To identify the biological pathways these genes participate in, pathway enrichment analysis was run on this gene set (Supplementary Table 2). Of the nine enriched pathways we identified (q-value < 0.05), six were related to Toll-like receptor signaling (specifically, Toll-like receptor 4 signaling) due to the involvement of IKBKG and UBE2D3 in this pathway. Interestingly, this inflammatory pathway is often noted for its association to AD [22, 23], while UBE2D3 has been proposed as a potential biomarker for Alzheimer’s disease [24]. Furthermore, HS2ST1 is a member of the heparan sulfate biosynthetic enzyme family and responsible for the synthesis of heparan sulfate (HS), the latter of which is known to cause protein aggregation and lead to neurodegenerative disease [25]. Additionally, ESR2 polymorphisms have been linked to cognitive impairment and an increased risk for AD, predominantly in women [26, 27]. It is worth noting that by investigating patient subgroups characterized by particular features, we can also assess whether they share common alleles. Finally, the remaining two genes, HFIC and PCGF5, are both present in the enriched “Gene expression (transcription)” pathway, and are associated with the regulation of transcriptional factors.

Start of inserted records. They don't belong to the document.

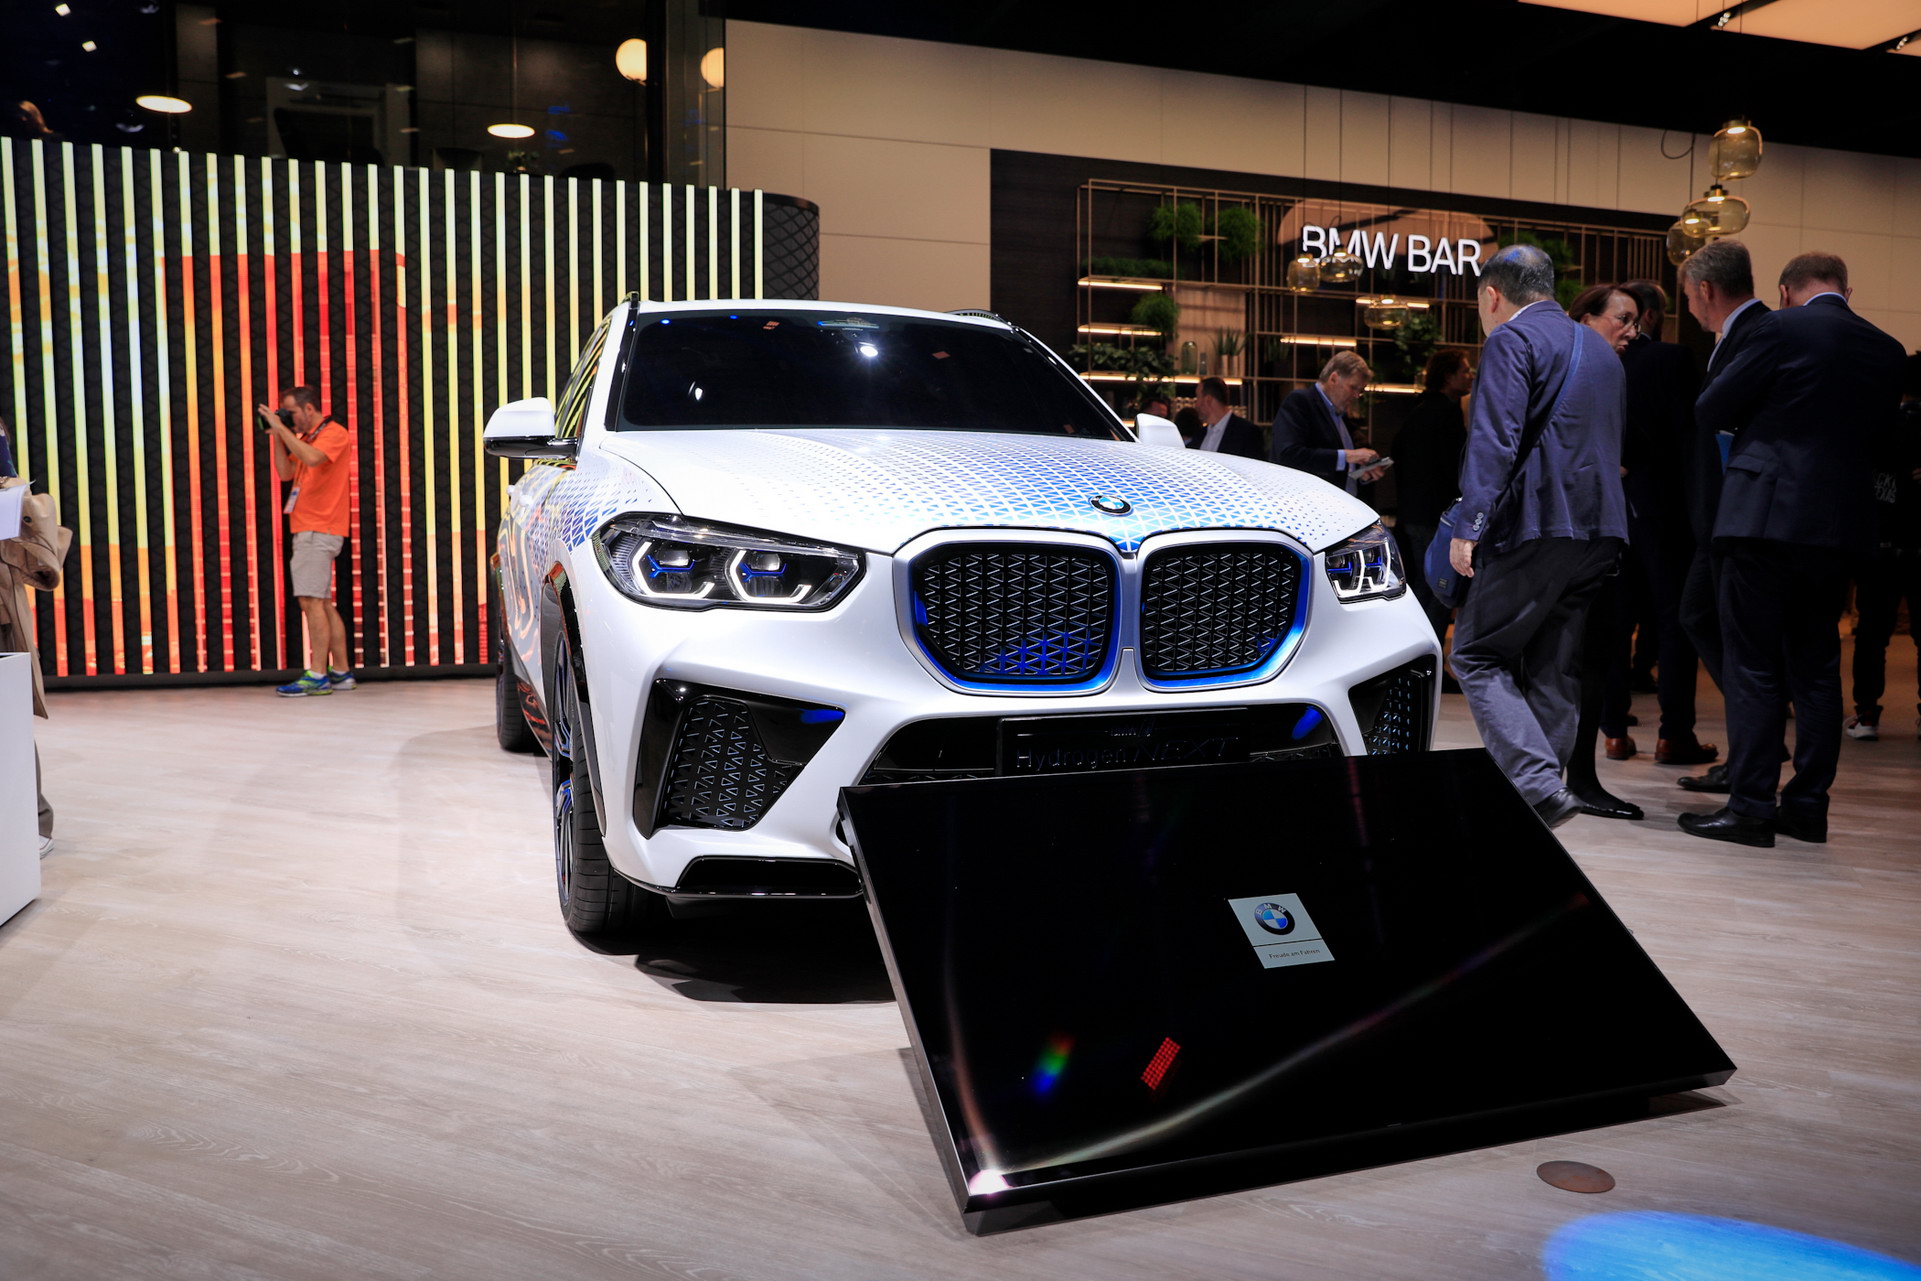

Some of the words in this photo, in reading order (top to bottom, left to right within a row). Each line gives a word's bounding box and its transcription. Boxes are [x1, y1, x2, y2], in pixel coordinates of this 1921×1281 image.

[1302, 225, 1399, 270] BMW
[1407, 234, 1481, 276] BAR
[1016, 747, 1126, 771] Hydrogen
[1133, 735, 1239, 761] NEXT
[1256, 903, 1286, 915] BMW
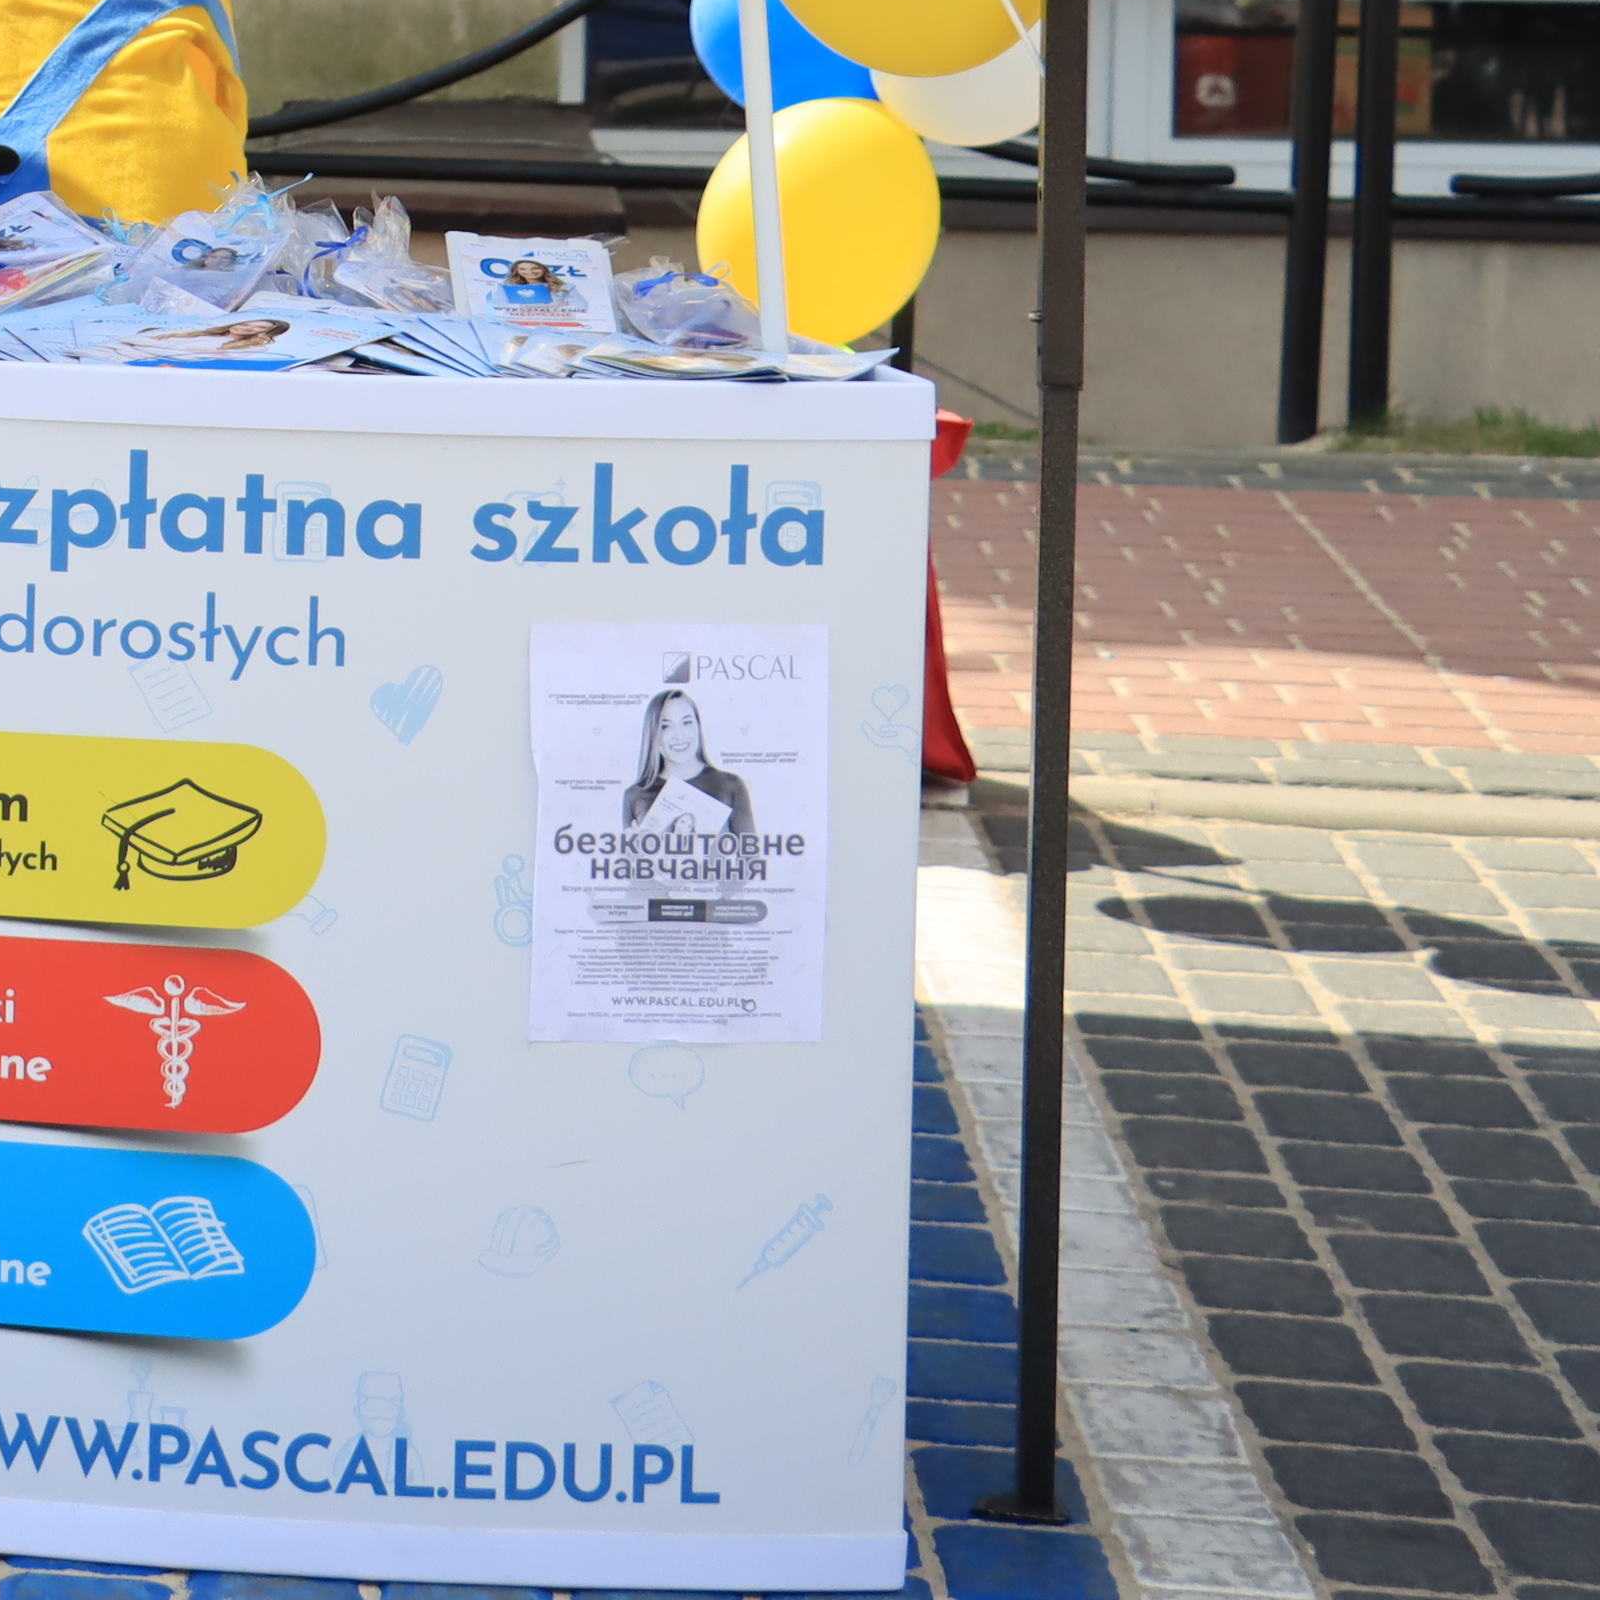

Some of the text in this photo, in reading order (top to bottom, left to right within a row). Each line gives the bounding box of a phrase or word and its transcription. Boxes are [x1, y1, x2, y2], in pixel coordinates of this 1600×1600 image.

2.2.3. CLEP’s Representations Outperform Raw Data in Classifying Psychiatric Conditions and Healthy Controls

We also reproduced our methodology on an additional dataset containing transcriptomics experiments on psychiatric conditions and healthy controls (see Methods). The results for this dataset resembled the ones observed in the previous case scenario (Figure 4). The patient representations generated by CLEP outperformed the original data in the binary classification task by a large margin. By investigating the individual ML models, we observed that the difference in performance between the two tree-based methods (i.e., random forest and XGBoost) and the rest was smaller for this dataset. Similarly to the previous case scenario, SVM yielded the highest performance. However, the variability in performance for the elastic net, random forest, and XGBoost was significantly larger compared to the ADNI dataset.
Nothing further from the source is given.